Fady’s extensive knowledge and background in food technology has obviously played an important part in his approach to leading ABC. “Being a food engineer has meant that I’ve been able to pinpoint ways in which we can optimise our processes to improve quality as well as bring in new technologies to help fast-track things,” he says.

“I like to think that I’ve utilised my background and my expertise to help guide the team in identifying problem areas and the solution to any issues.”

The kinds of problems being solved by Fady and his team revolve around sustainability, a product’s impact on the environment and the importance of health and wellness. ABC’s main products are water, juices and milks, so sugar reduction is playing a big role in future planning.

There is also a shift away from plastic bottles to paper containers, a new product is being launched in a glass bottle and company initiatives are in place to encourage recycling.

When it comes to leadership, Fady likes to bring together what he’s learned from working in both the US and the Middle East. While he was born in the Middle East, he holds US citizenship and so has had the opportunity to work and experience the cultures in both regions.

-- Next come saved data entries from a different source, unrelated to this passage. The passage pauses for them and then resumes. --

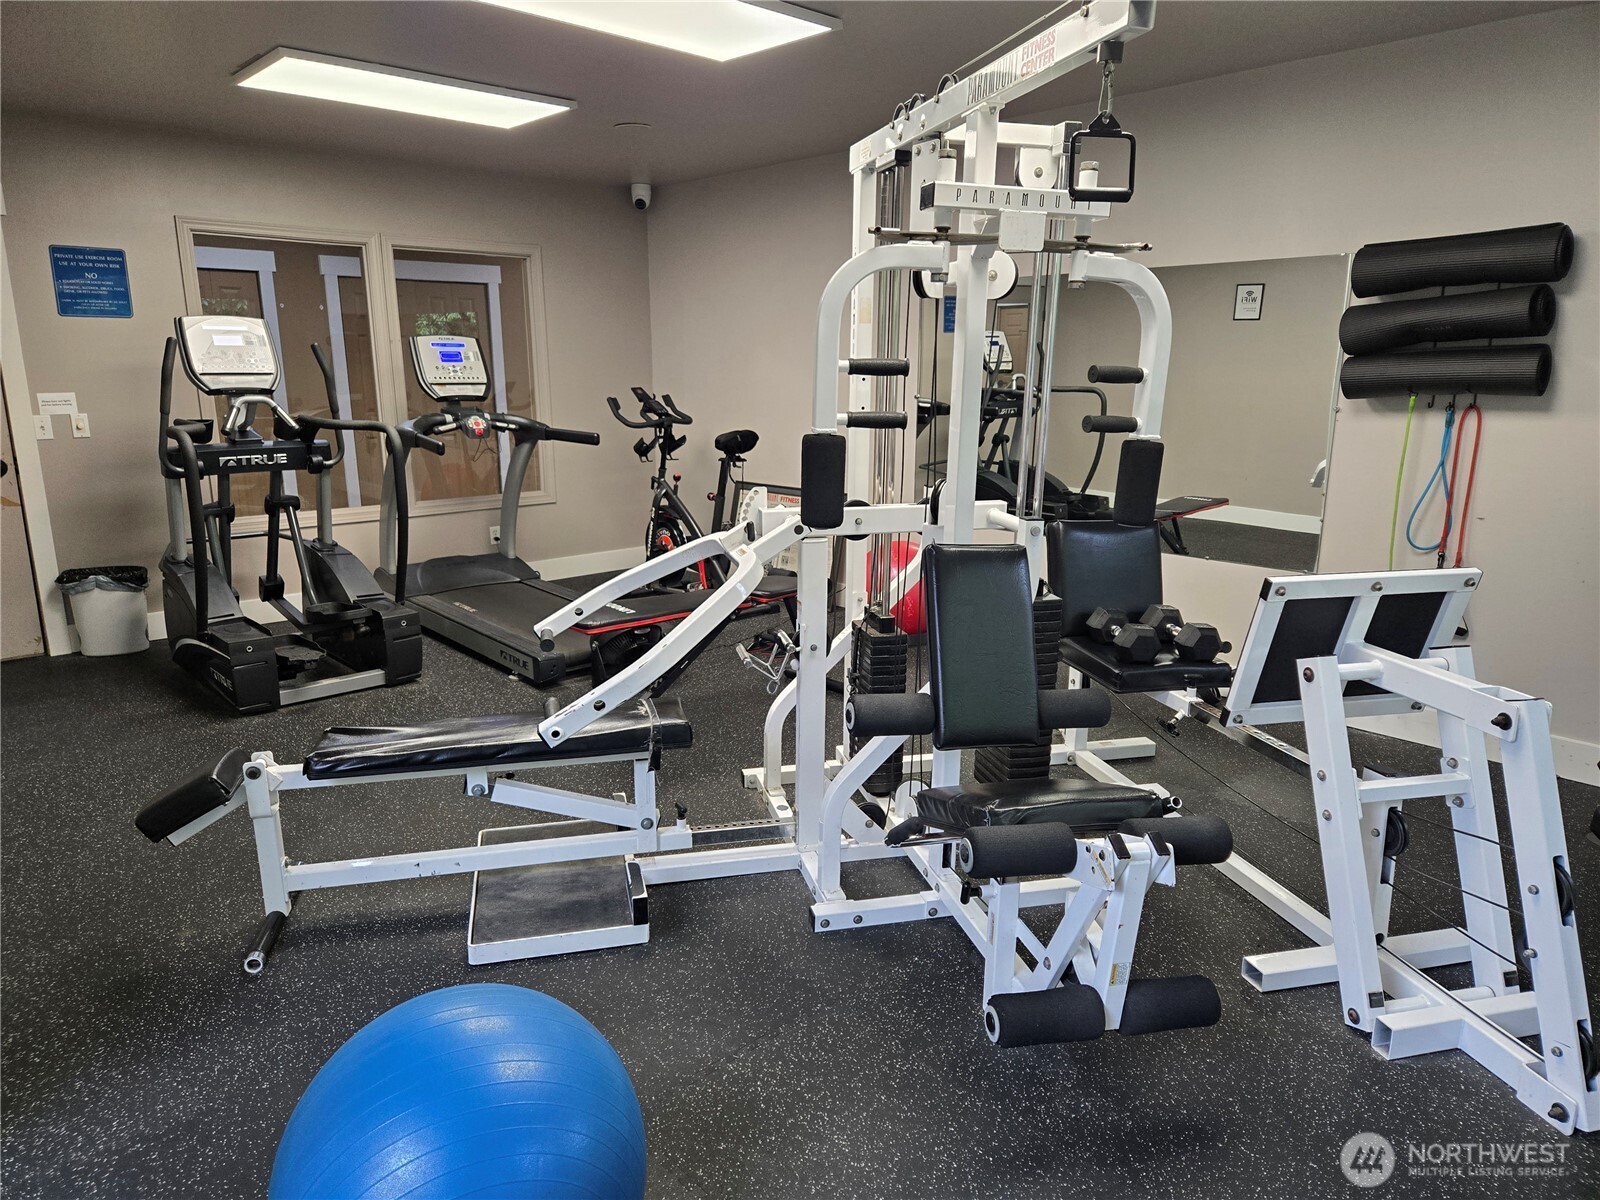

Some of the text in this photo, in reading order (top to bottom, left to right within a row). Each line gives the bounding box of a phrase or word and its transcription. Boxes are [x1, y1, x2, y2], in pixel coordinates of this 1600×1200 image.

[1021, 29, 1056, 61] FITNESS
[1020, 46, 1055, 78] CENTER
[967, 50, 1020, 106] PARAMOUNT
[237, 453, 288, 466] TRUE
[780, 496, 800, 504] FITNESS
[508, 653, 530, 671] TRUE
[215, 671, 233, 691] TRUE
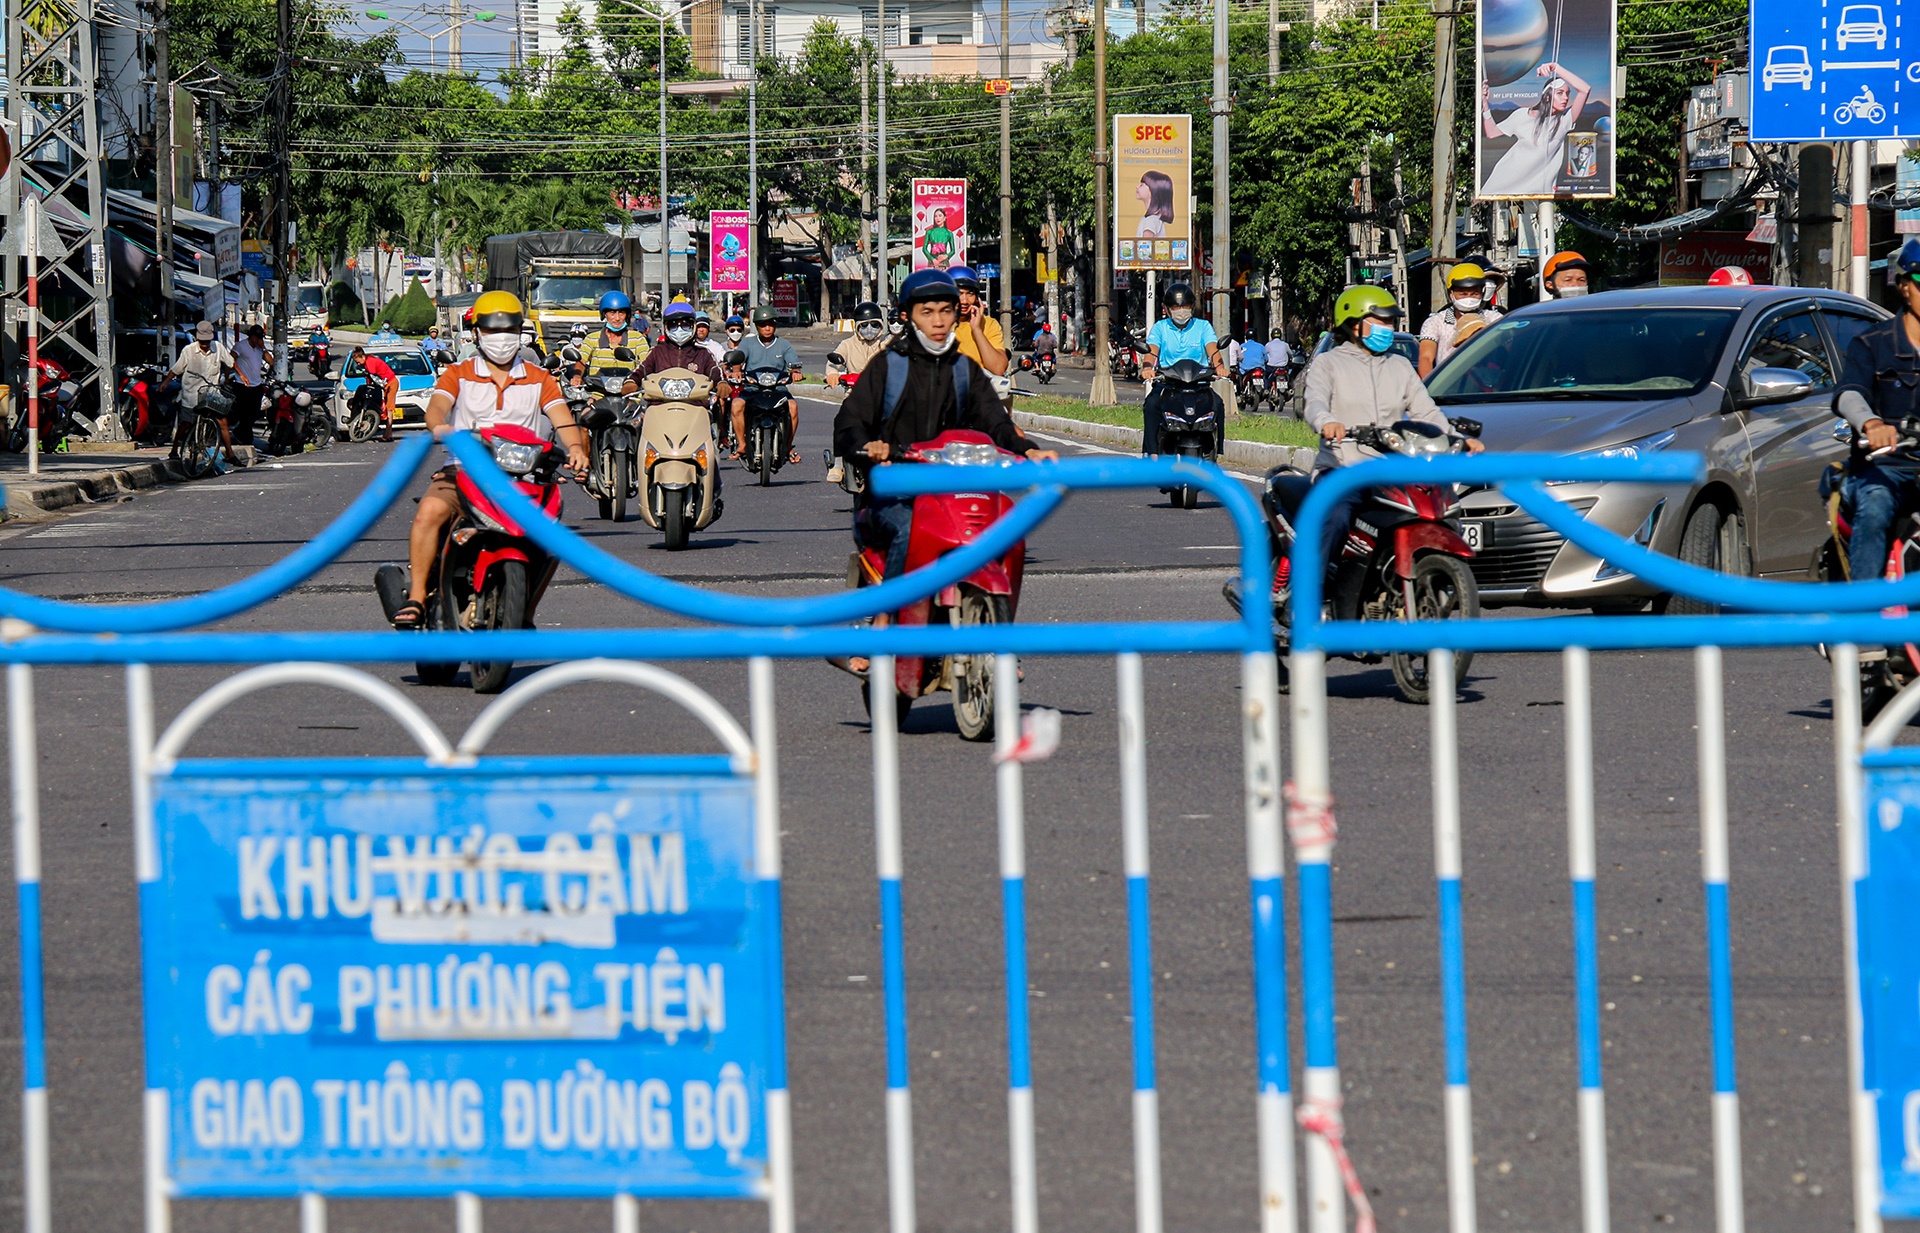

“The main difference I think is the way people lead. I feel that the Middle East is only now coming around to the idea that a leader, CEO or manager is there as a resource for their team,” he says.

“Leadership, to me, isn’t top-down. There should be team involvement in all decision-making, which is why it’s important to invite all key people to get involved. The team should always agree on the best way to move forward. A CEO is simply there to guide and support this decision-making process.”